The structure of this paper is organized as follows. Basic simulation concepts of real world simulations on computers are discussed in Chapter 2. In Chapter 3 these simulation concepts are implemented in VRML language. A group of utilities for assembling of simple simulations (Simulation Tool Box (STB) library) is presented in Chapter 3.1. Experimental simulations constructed with STB library are presented in Chapter 4.

2 Simulation and visualisation

The simulation and visualisation of real world is a very extensive task, with a variety of problems and subtasks. For our purposes we will simplify the problems, theoretically covering the task of mathematical solving and representing of simulated phenomena. Let us assume, that a user is able to express the mathematical representation of a problem and he or she wants to embed this mathematical model only into a visual representation. If simulations are examined by means of their visual representation in computers, they can be divided into two separate groups.

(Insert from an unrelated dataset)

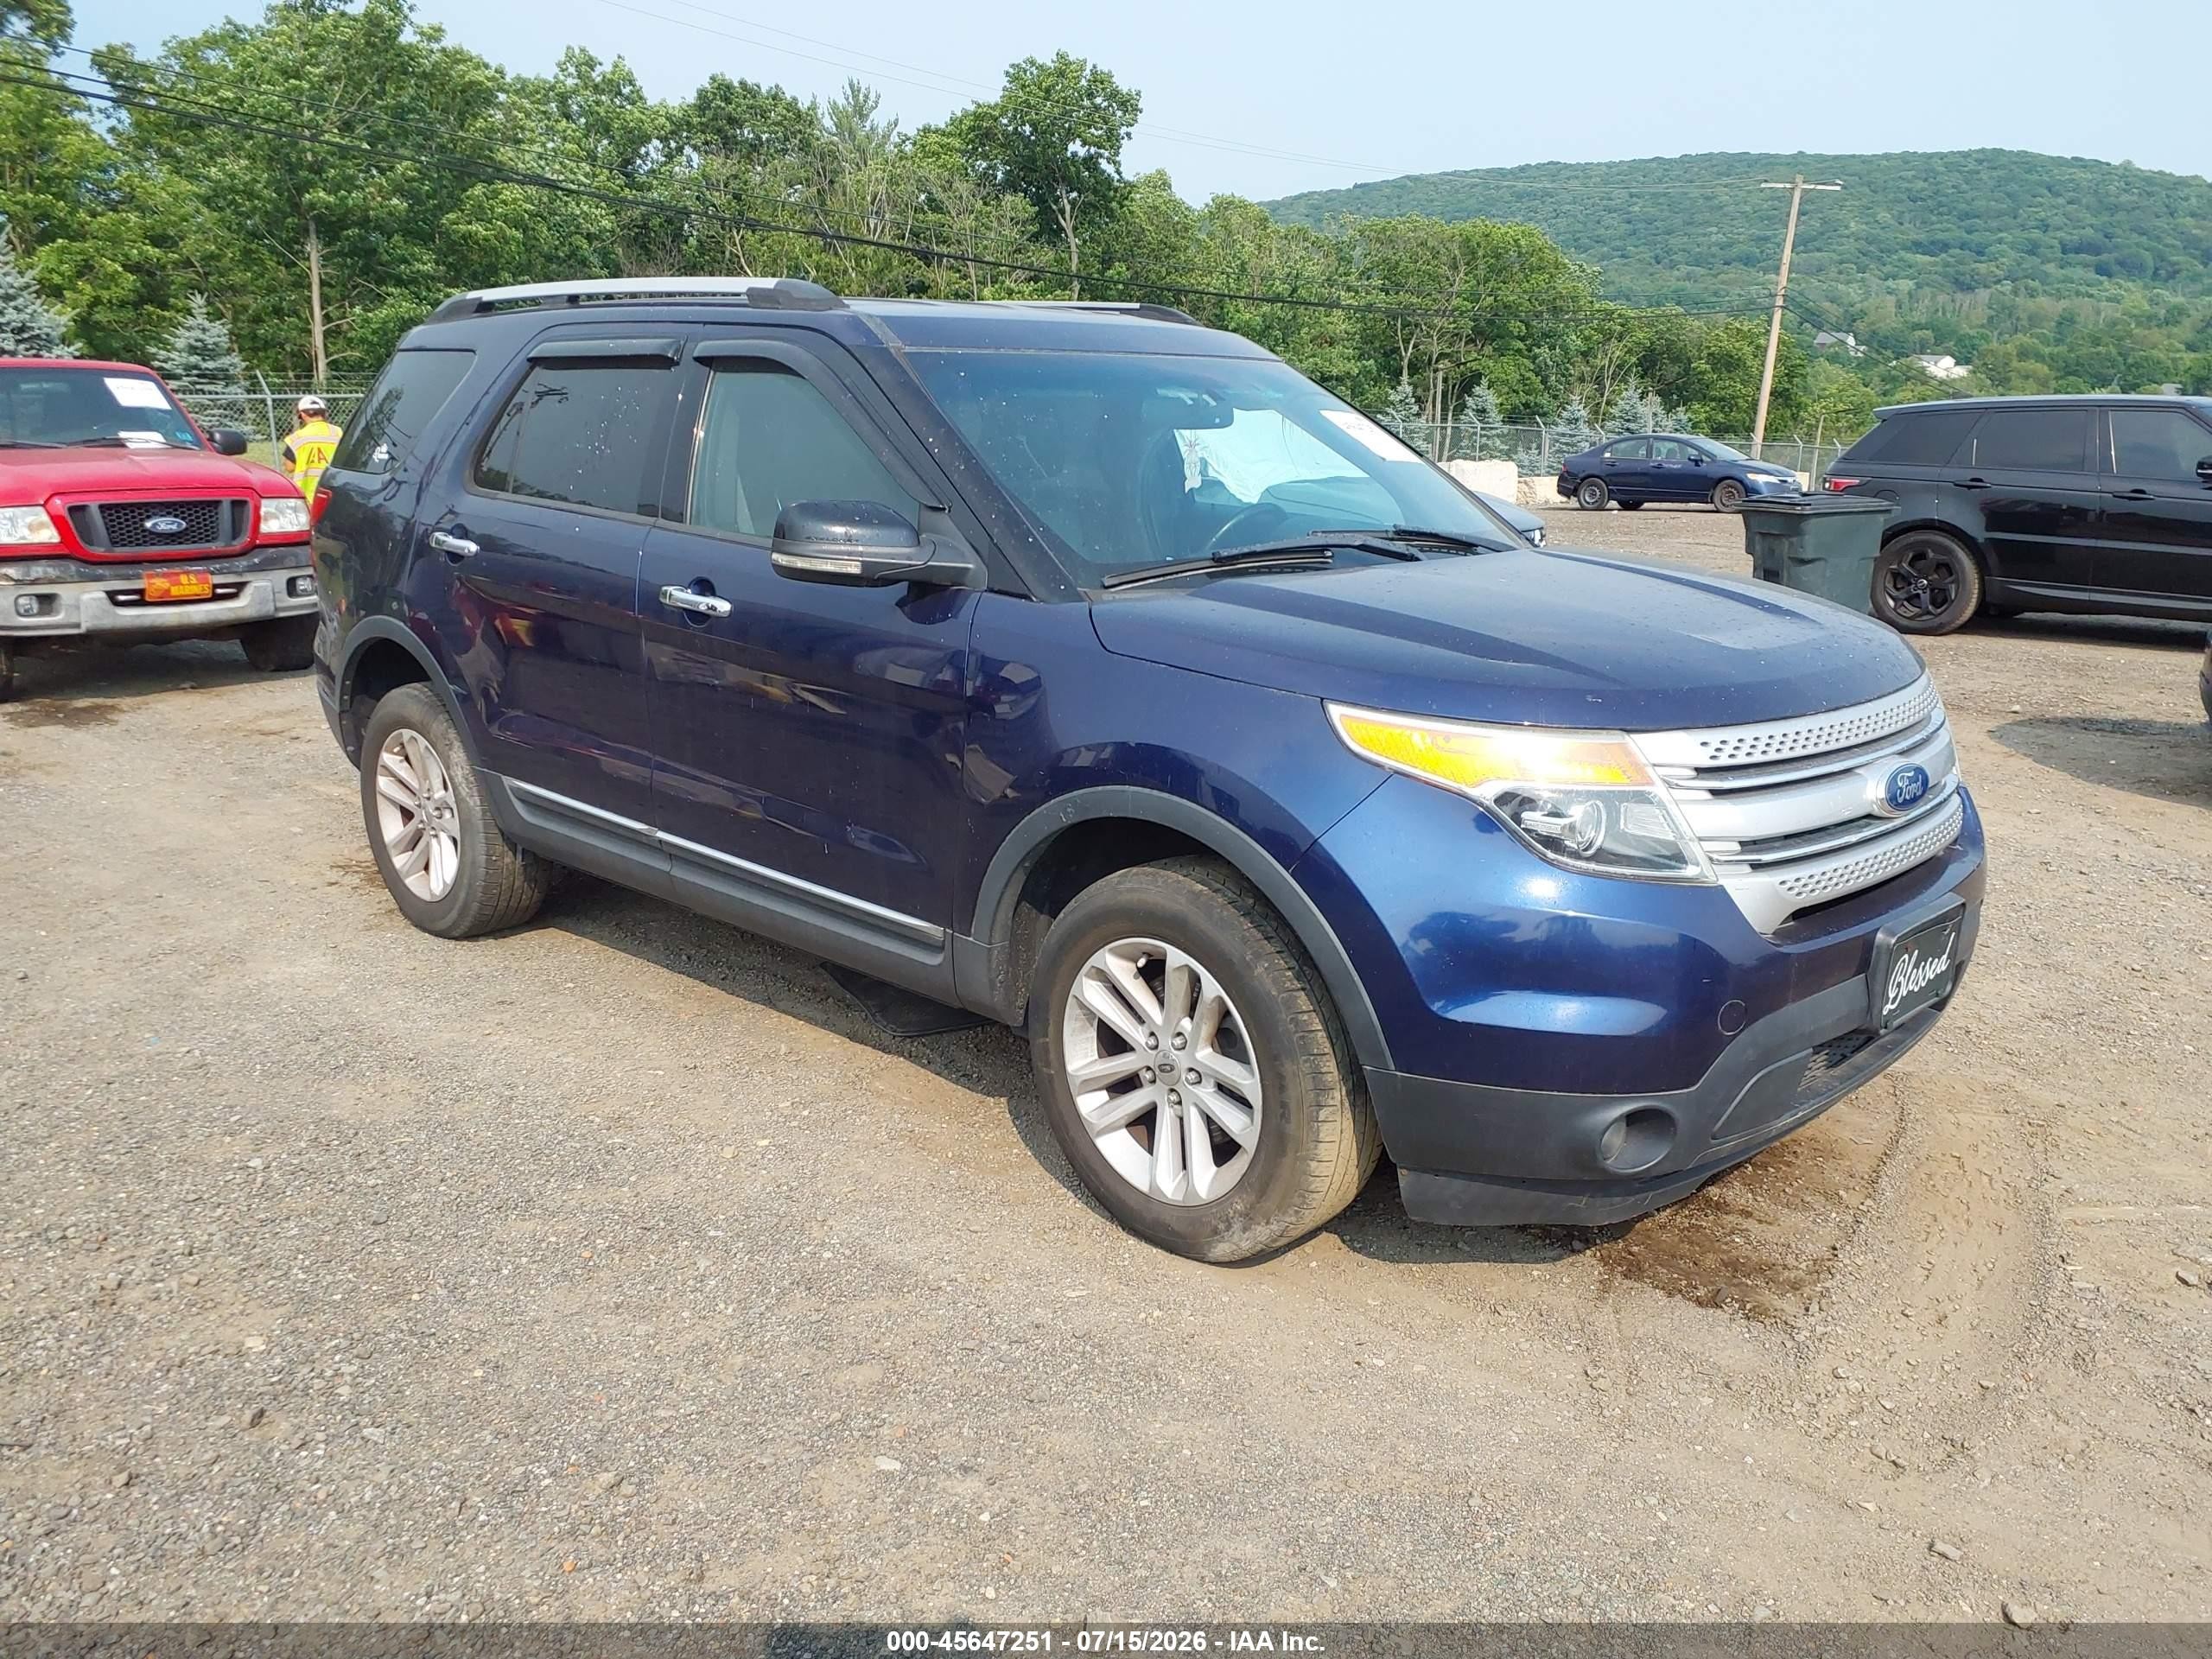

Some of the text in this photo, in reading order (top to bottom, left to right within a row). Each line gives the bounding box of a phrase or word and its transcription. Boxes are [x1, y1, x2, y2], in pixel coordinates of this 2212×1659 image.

[170, 584, 209, 596] MARINES
[1897, 771, 1923, 804] Ford
[1883, 931, 1955, 1015] Blessed

The first group, called "off-line" simulations, represents simulations, in which a user obtains computed values from a mathematical program outside simulation. Computation related to creating of simulation key values is not directly inside the simulation.

The second group, called "on-line" simulations, represents simulations containing some sort of control that implement mathematical model of simulated phenomena. The user can change simulation parameters interactively, thereby he or she can immediately affect behaviour of the simulation.

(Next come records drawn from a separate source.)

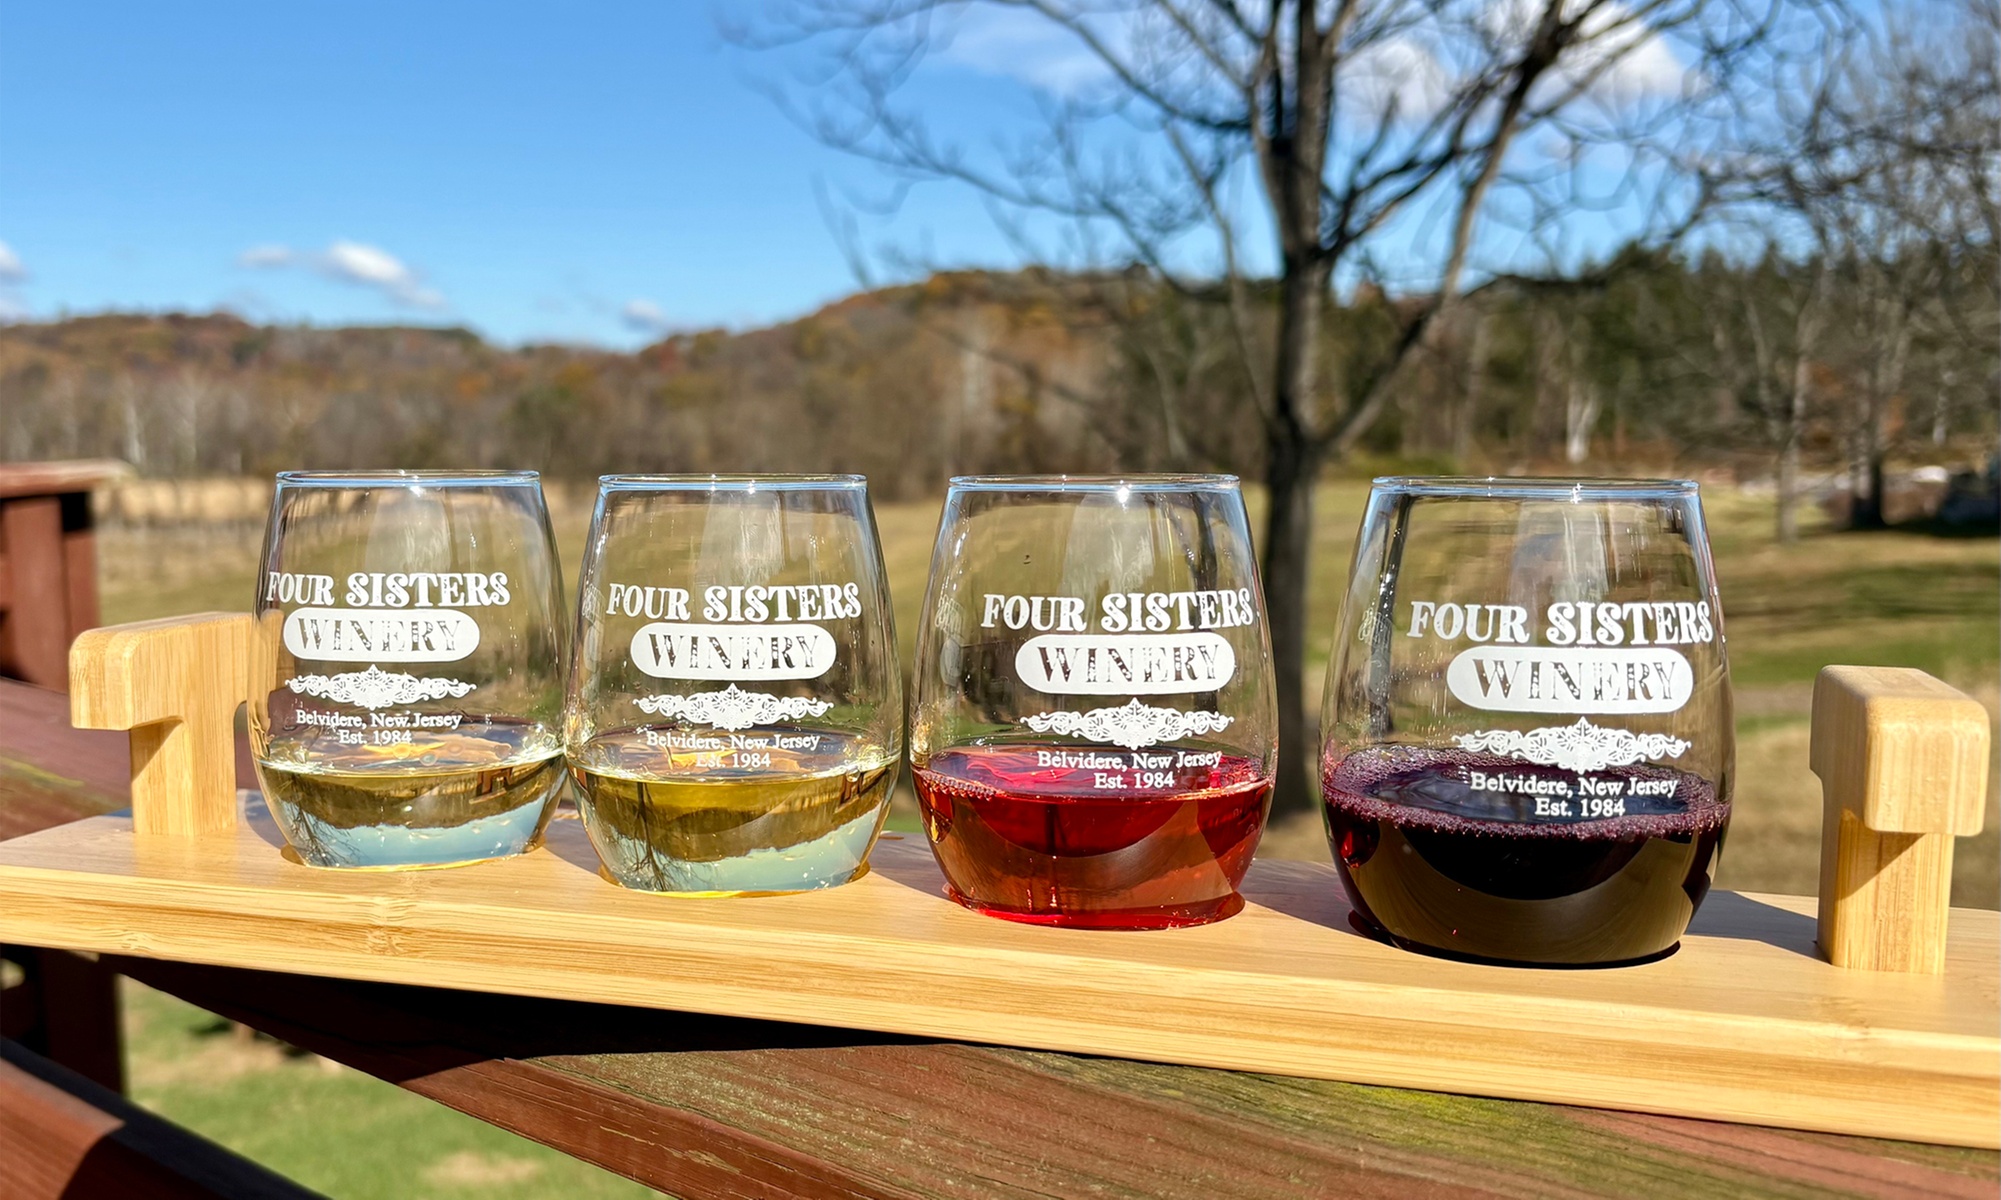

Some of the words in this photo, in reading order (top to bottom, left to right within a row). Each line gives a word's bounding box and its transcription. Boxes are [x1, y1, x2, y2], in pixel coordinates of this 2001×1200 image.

[266, 571, 335, 606] FOUR
[346, 571, 511, 607] SISTERS
[606, 583, 691, 621] FOUR
[703, 582, 862, 623] SISTERS
[980, 594, 1087, 632] FOUR
[1101, 588, 1254, 633] SISTERS
[1406, 601, 1530, 643] FOUR
[1546, 601, 1714, 645] SISTERS
[297, 617, 462, 652] WINERY
[648, 633, 819, 670] WINERY
[1037, 644, 1220, 683] WINERY
[1472, 658, 1677, 701] WINERY
[296, 710, 366, 728] Belvidere,
[370, 712, 410, 728] New
[412, 711, 463, 729] Jersey
[338, 730, 367, 745] Est.
[373, 730, 412, 745] 1984
[646, 731, 726, 751] Belvidere,
[730, 735, 770, 751] New
[772, 734, 821, 751] Jersey
[696, 753, 726, 768] Est.
[732, 753, 771, 768] 1984
[1037, 751, 1128, 772] Belvidere,
[1132, 753, 1173, 770] New
[1175, 751, 1222, 770] Jersey
[1093, 773, 1128, 789] Est.
[1134, 772, 1175, 789] 1984
[1470, 772, 1573, 796] Belvidere,
[1577, 777, 1624, 796] New
[1627, 777, 1678, 798] Jersey
[1534, 798, 1573, 816] Est.
[1580, 798, 1626, 817] 1984

Implementation of simulations and their visualisation can be generally divided into several parts (as shown in Figure 1):

Visual model, which represents simulated phenomena or behaviour.
Graphical User Interface, dedicated to controlling of input values, visual representation and the run of simulation.
Simulation control, which controls behaviour of simulation in response to user or other events.

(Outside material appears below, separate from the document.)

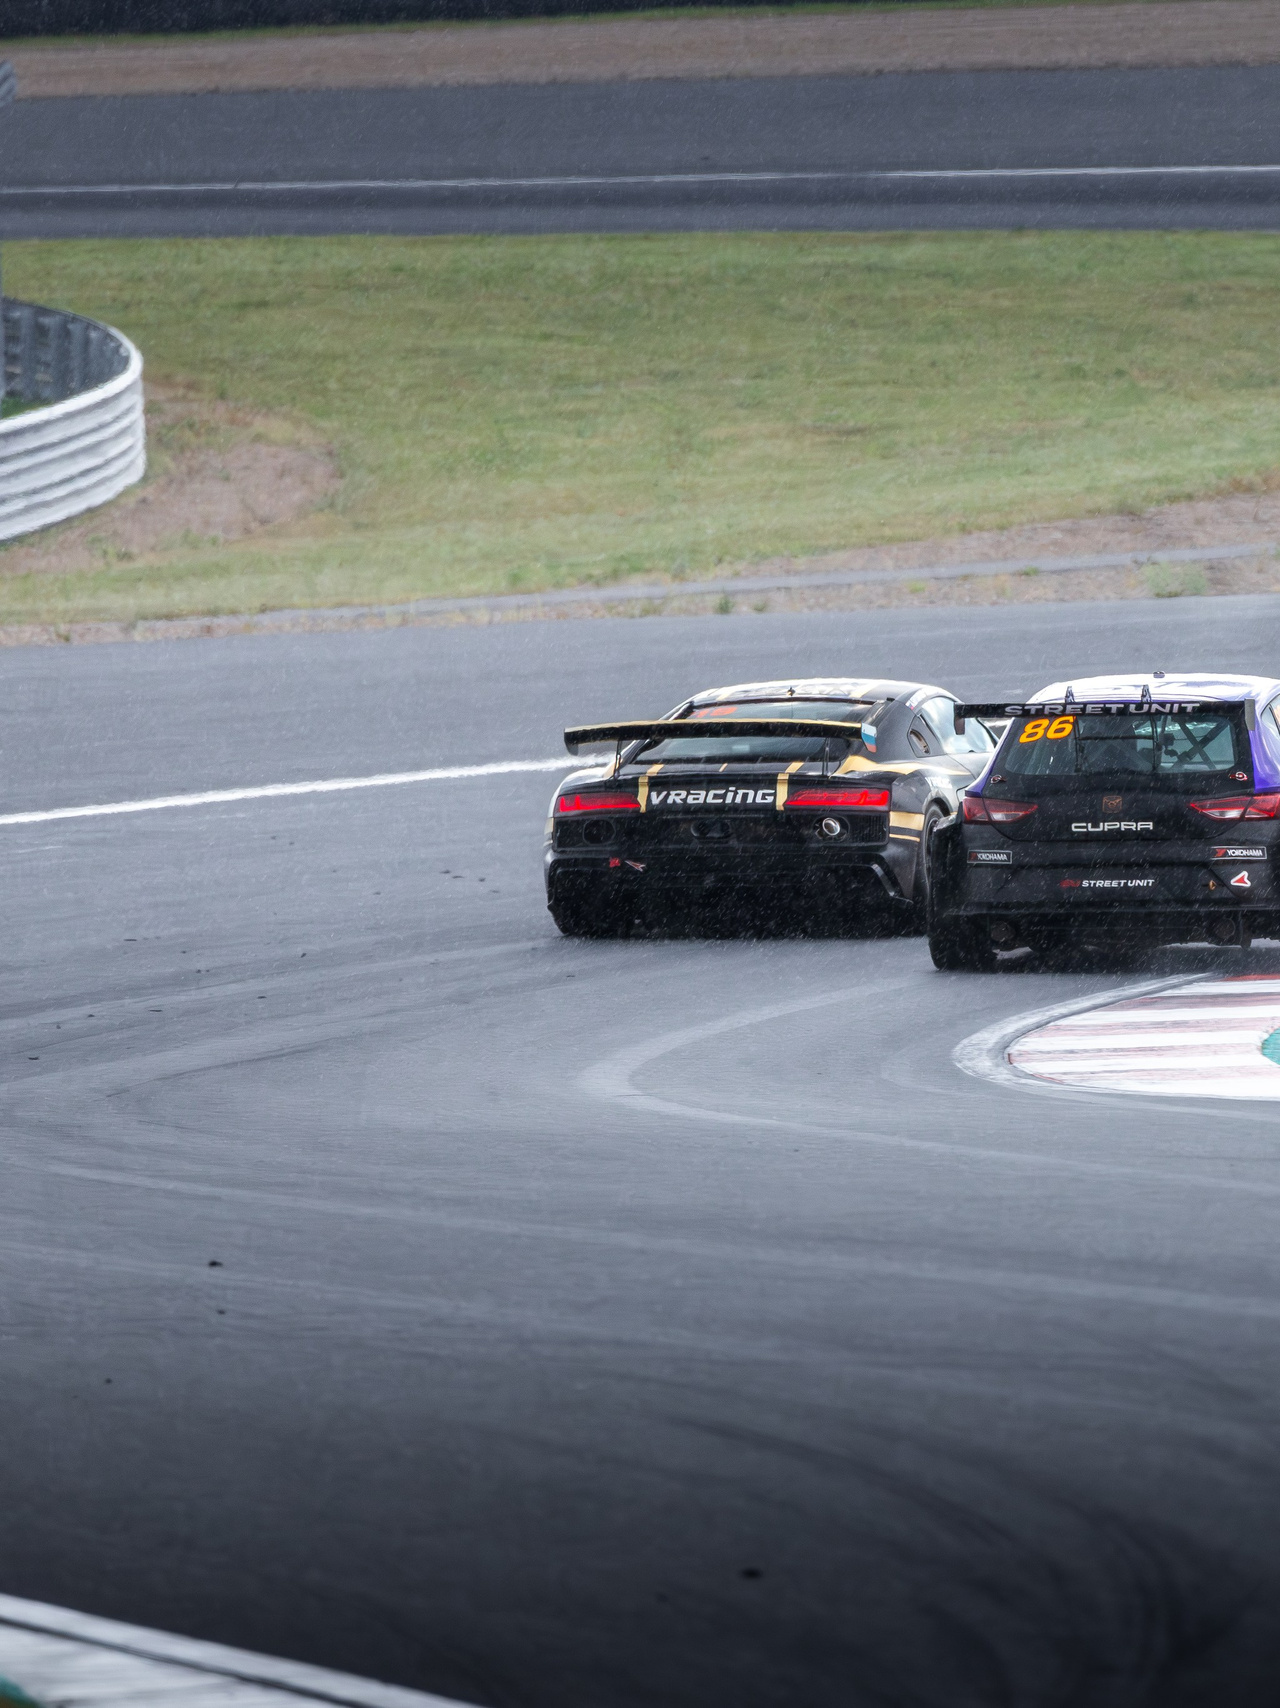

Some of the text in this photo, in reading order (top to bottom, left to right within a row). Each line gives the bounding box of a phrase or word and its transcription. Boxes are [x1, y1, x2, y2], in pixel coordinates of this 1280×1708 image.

Figure 1: Basic simulation parts and their communication.

Each part of simulation is discussed in following chapters.

2.1 Visual model

Objective of all simulations is to present results of mathematical computations (generated from an experimental theory or from an observation of real phenomena) to a user in a readable and understandable form. Primarily it is in form of tables of numbers, graphs or animated visualisation of simulation. The focus is set on the third form of visualisation, which enables creating applications in an interesting visual form, understandable also for users that are not theoretically familiar with presented problems.

2.2 Graphical User Interface

Main task of GUI is to create a visual interface between a user and a simulation control. This represents a set of visual displays that show actual state of simulation and simulated phenomena (e.g. different types of indicators, such as digital displays), and a set of control elements that allows interactively interfere with simulation (e.g. different types of buttons, controllers).

2.3 Simulation Control

The tasks of simulation control can be divided into two parts, each communicating with the other. The first part is the simulation control related to GUI. It traces user requests to change simulation parameters and supplies values for displays in GUI. The second part is related to control the run of simulation. It changes visual representation of simulation based on simulation parameters supplied from mathematical model (previously presented on-line type of simulation), or from other simulation program (off-line type of simulation). Particular properties of this division is discussed in next two chapters.

2.3.1 Off-line simulation

This set of simulations uses an independent program, which can implement sophisticated algorithms and procedures for precise creation, representation and problem solution. Problems solved by this program can be so complex, that the results cannot be computed in real time. Then the computed data are preprocessed and finally sent to the simulation control. The off-line simulation present them to a user. The advantage of this approach is precision of computation model, which is based on program dedicated to solve simulation problems. This program can compute large simulation problems independently on user's machine, which is used only for presenting results to a user. In this case the visualisation is almost independent on mathematical model previously used. On the other hand the user is not able to view result dependecy on change in input parameters in real-time (e.g. immediately). The Figure 2 represents block diagram of off-line simulations.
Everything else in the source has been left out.